Ones & Zeros

Posted

Rodika Tollefson

What Pokémon GO Says About Us

Despite our rural remoteness, the Key didn’t escape the Pokémon GO craze that swept the planet in July. As this augmented-reality (AR) mobile game was released around the world, its number of players quickly surpassed the number of daily Twitter users.

It became an obsession that crossed cultures and borders. A Norwegian lawmaker who was caught on video playing during a committee hearing proved just how universally appealing Pokémon GO is (as well as proving how universally boring politics can be).

Pokémon GO confirmed two things. One is that all it takes for people to collectively abandon their common sense is a shiny new widget. The second is something that marketers have known all along—committing to something for too long makes us fidgety.

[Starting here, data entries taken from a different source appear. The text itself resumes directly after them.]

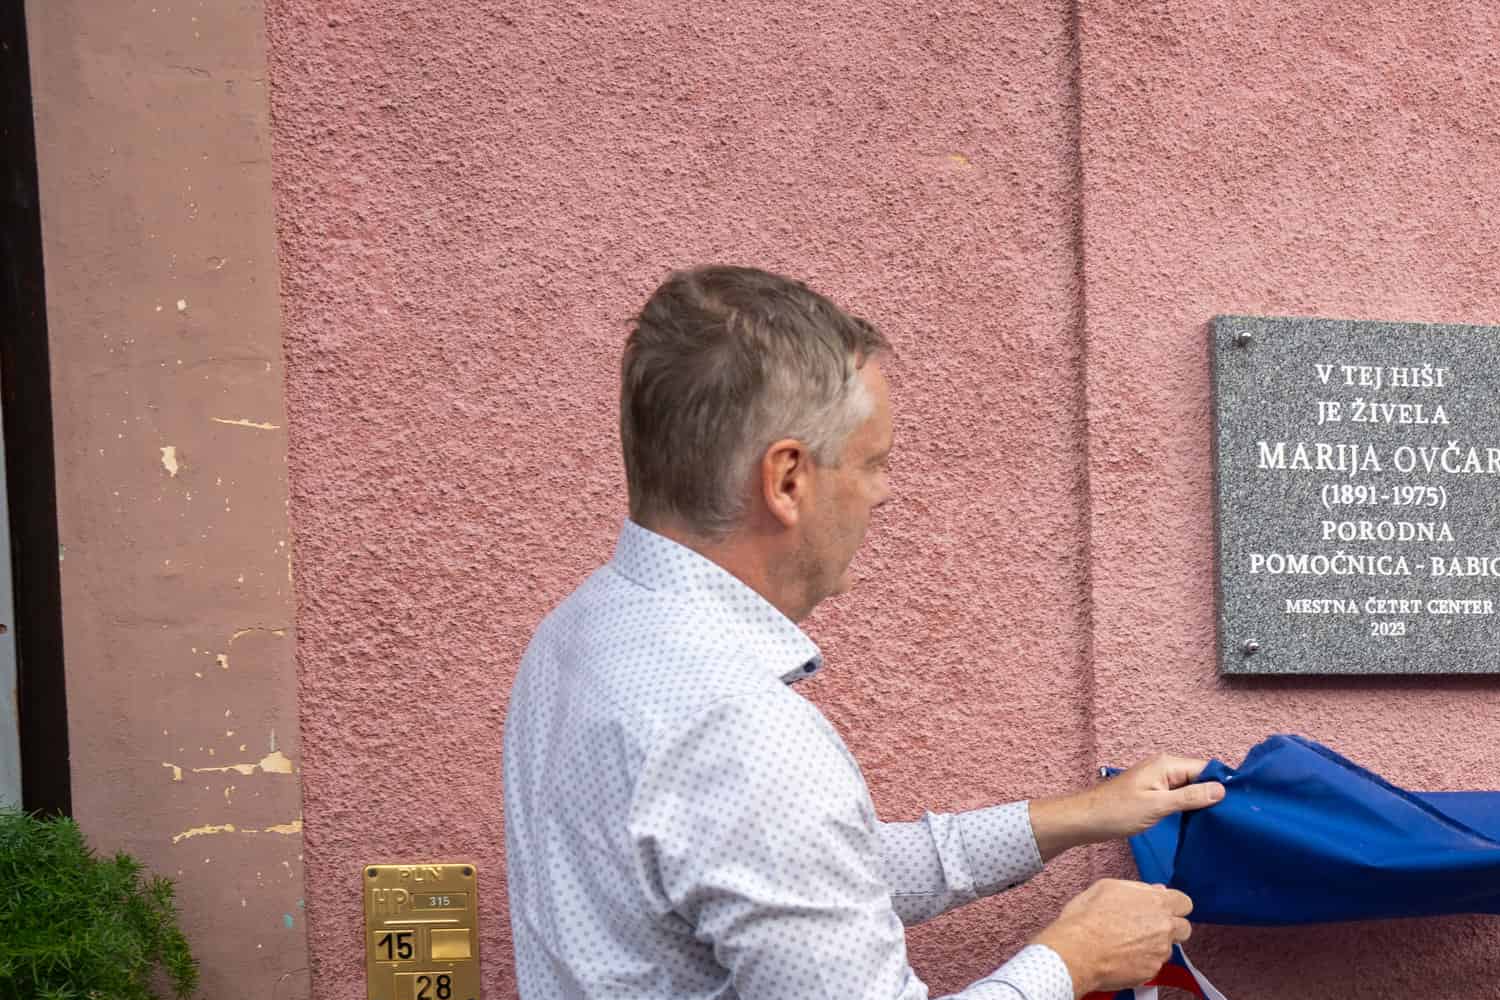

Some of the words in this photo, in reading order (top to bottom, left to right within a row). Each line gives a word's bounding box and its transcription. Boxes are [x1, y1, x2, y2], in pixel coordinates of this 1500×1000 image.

[1315, 365, 1333, 384] V
[1342, 366, 1382, 390] TEJ
[1391, 363, 1446, 387] HIŠI
[1318, 402, 1341, 425] JE
[1352, 398, 1450, 425] ŽIVELA
[1257, 441, 1382, 476] MARIJA
[1322, 521, 1454, 542] PORODNA
[1250, 551, 1411, 576] POMOČNICA
[1286, 600, 1358, 613] MESTNA
[1365, 597, 1421, 613] ČETRT
[1427, 600, 1494, 614] CENTER
[1371, 622, 1405, 636] 2023
[378, 933, 412, 959] 15
[416, 975, 451, 1000] 28

Even if you don’t know what Pokémon GO is, you’ve likely seen it in action. Notice people walking around the parking lot at Lake Kathryn or outside the Key Center Library, with their phones in front of their faces, staring intently at the screen? Yep, Pokémon GO.

Based on an original Nintendo video game from the 1990s, Pokémon are mythical creatures that human characters in the game can catch and train to battle against each other.

The AR version uses location-based technology and smartphone cameras to allow actual humans to “catch” the digital Pokémon in physical environments. Gamers, aka “trainers,” can also get digital game goodies at specific real-world locations—typically local landmarks and public areas (i.e., the Wauna fire station, the library, the Vaughn post office).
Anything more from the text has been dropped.